Following revelations of comments made about the British Empire on his podcasts, former Leader of the Opposition and Leader of the Conservative Party, Iain Duncan Smith, said that Hermer had a classic "nasty" left wing view of life, and said that a "period of silence" from Hermer would be "most welcome". The Deputy Leader of Reform UK, Richard Tice, described Hermer as a "clear and present danger" to the country. On 7 February, the Leader of Reform UK, Nigel Farage, called for Starmer to dismiss Hermer for what Farage described as Hermer's "unforgivable" role in the "betrayal" of the national interest over the Chagos islands deal. On 10 February, Labour peer, Lord Glasman, described Hermer as an "arrogant, progressive fool", and also called for Hermer to be dismissed as Attorney General. Elsewhere, Mayor of Greater Manchester, Andy Burnham, said that he was extremely concerned by reports that Hermer had held up the implementation of the Hillsborough law.
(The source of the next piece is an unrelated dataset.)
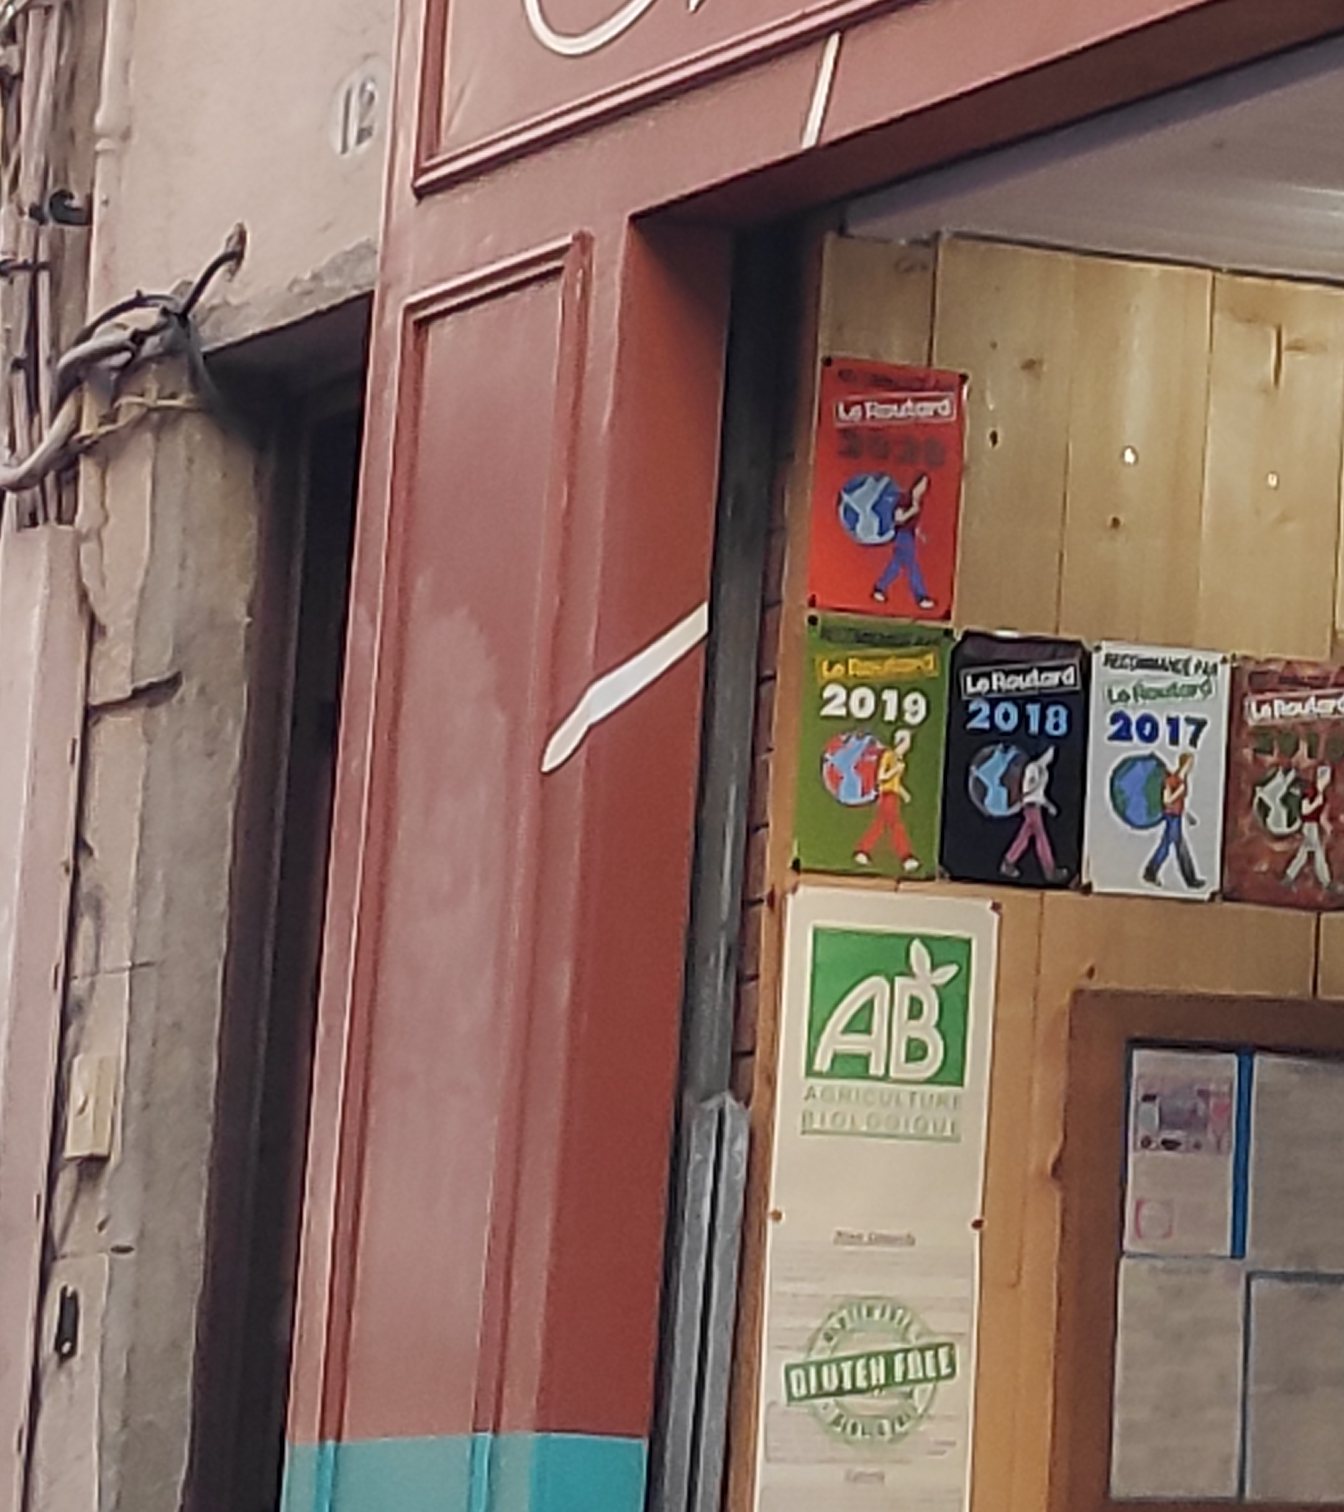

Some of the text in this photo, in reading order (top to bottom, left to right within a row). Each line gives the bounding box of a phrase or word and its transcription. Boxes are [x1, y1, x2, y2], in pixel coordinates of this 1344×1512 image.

In Prime Minister's Questions on 12 February, Leader of the Opposition Kemi Badenoch, said that "very serious questions" were being asked about Hermer and referred to Lord Glasman's comments about him. Badenoch went on to say that it was necessary to appoint people who believed in the country and everything it stands for, and argued that it was "not clear" that Hermer did. Conservative MP Saqib Bhatti asked Starmer about several of the controversial issues surrounding Hermer and asked if Starmer had confidence in him, to which Starmer said that there was a longstanding principle that everybody was entitled to legal representation, which he stated meant lawyers "did not necessarily agree with their clients." Conservative MP David Reed also asked why Starmer and his "North London lawyer friends" were "giving away" the Chagos islands. On 13 February, Conservative peer Lord Balfe asked why Hermer seemed to never been seen in the House of Lords; Hermer made four spoken contributions at the dispatch box between his appointment in July and Balfe's question in February. In response to Balfe's question, Baroness Twycross said that she saw Hermer "pretty regularly".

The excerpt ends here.